Segment Start: INPUT FOR THIS TASK

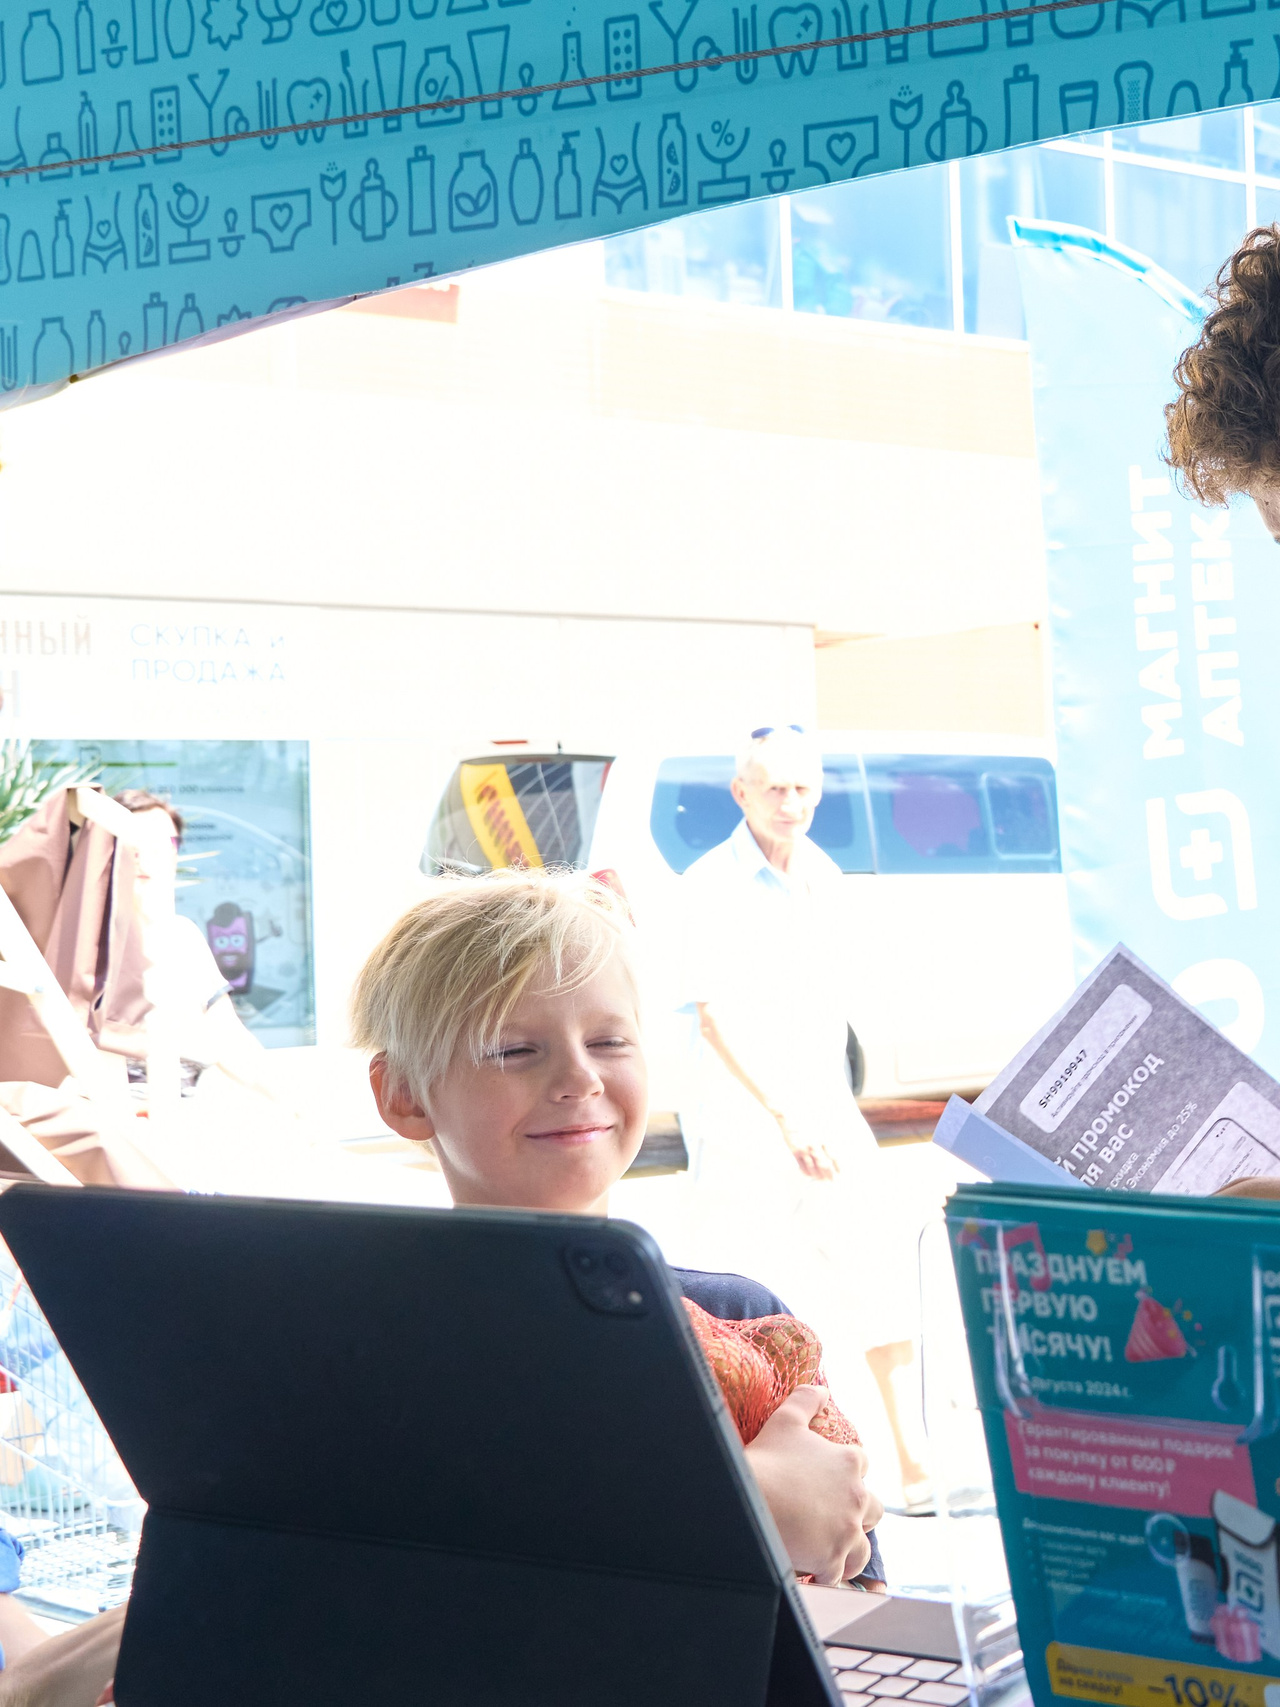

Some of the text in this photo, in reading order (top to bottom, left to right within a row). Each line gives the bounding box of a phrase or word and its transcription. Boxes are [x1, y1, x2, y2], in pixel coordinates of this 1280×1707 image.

[130, 623, 250, 647] СКУПКА
[1128, 464, 1185, 760] МАГНИТ
[1190, 511, 1245, 748] АПТЕК
[132, 659, 286, 684] ПРОДАЖА
[1038, 1049, 1087, 1108] SH9919947
[1054, 1052, 1165, 1173] й промокод
[1166, 1123, 1181, 1141] до
[1176, 1101, 1198, 1126] 25%
[1079, 1123, 1134, 1186] ля вас
[1110, 1152, 1140, 1188] скидка
[986, 1323, 1113, 1362] СЯЧУ!
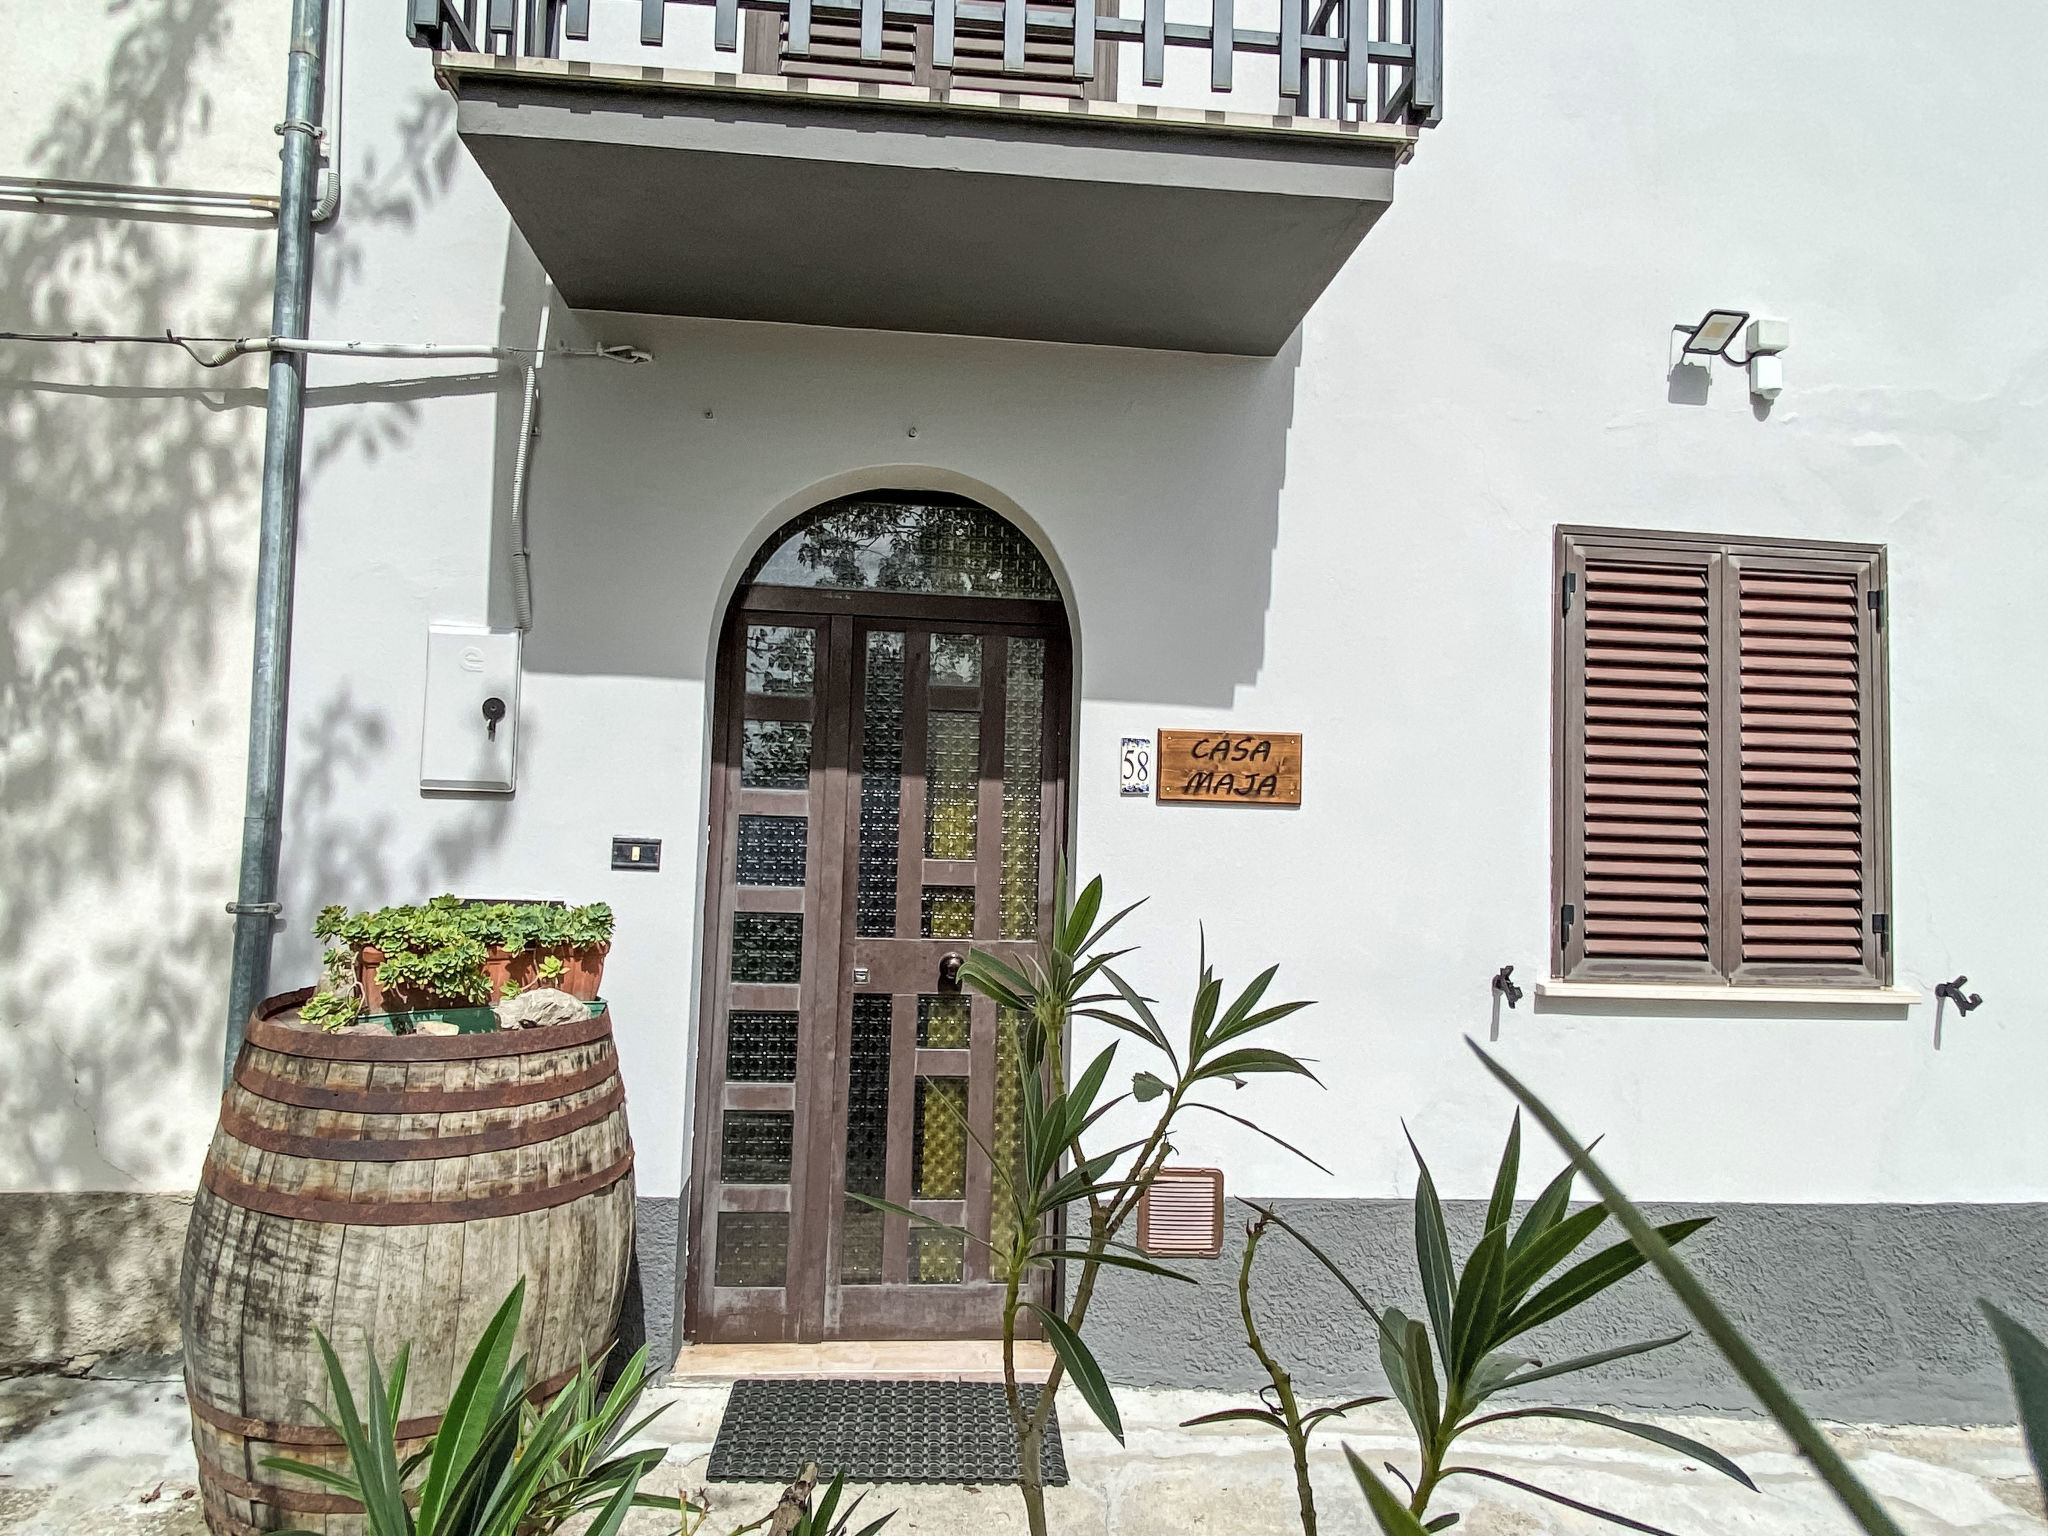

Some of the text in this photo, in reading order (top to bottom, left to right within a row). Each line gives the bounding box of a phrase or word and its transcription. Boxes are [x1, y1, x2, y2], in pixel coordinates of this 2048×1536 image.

Segment End: INPUT FOR THIS TASK

EXERCISE DIRECTIONS
Set down the material above exactly as it reads, but not its pictures.

RESULT OF THE TASK
Some of the text in this photo, in reading order (top to bottom, left to right within a row). Each line gives the bounding box of a phrase or word and its transcription. Boxes are [x1, y1, x2, y2], in pixel coordinates of this 1280×1707 image.

[130, 623, 250, 647] СКУПКА
[1128, 464, 1185, 760] МАГНИТ
[1190, 511, 1245, 748] АПТЕК
[132, 659, 286, 684] ПРОДАЖА
[1038, 1049, 1087, 1108] SH9919947
[1054, 1052, 1165, 1173] й промокод
[1166, 1123, 1181, 1141] до
[1176, 1101, 1198, 1126] 25%
[1079, 1123, 1134, 1186] ля вас
[1110, 1152, 1140, 1188] скидка
[986, 1323, 1113, 1362] СЯЧУ!

Some of the text in this photo, in reading order (top to bottom, left to right within a row). Each line gives the bounding box of a phrase or word and its transcription. Boxes are [x1, y1, x2, y2], in pixel coordinates of this 2048×1536 image.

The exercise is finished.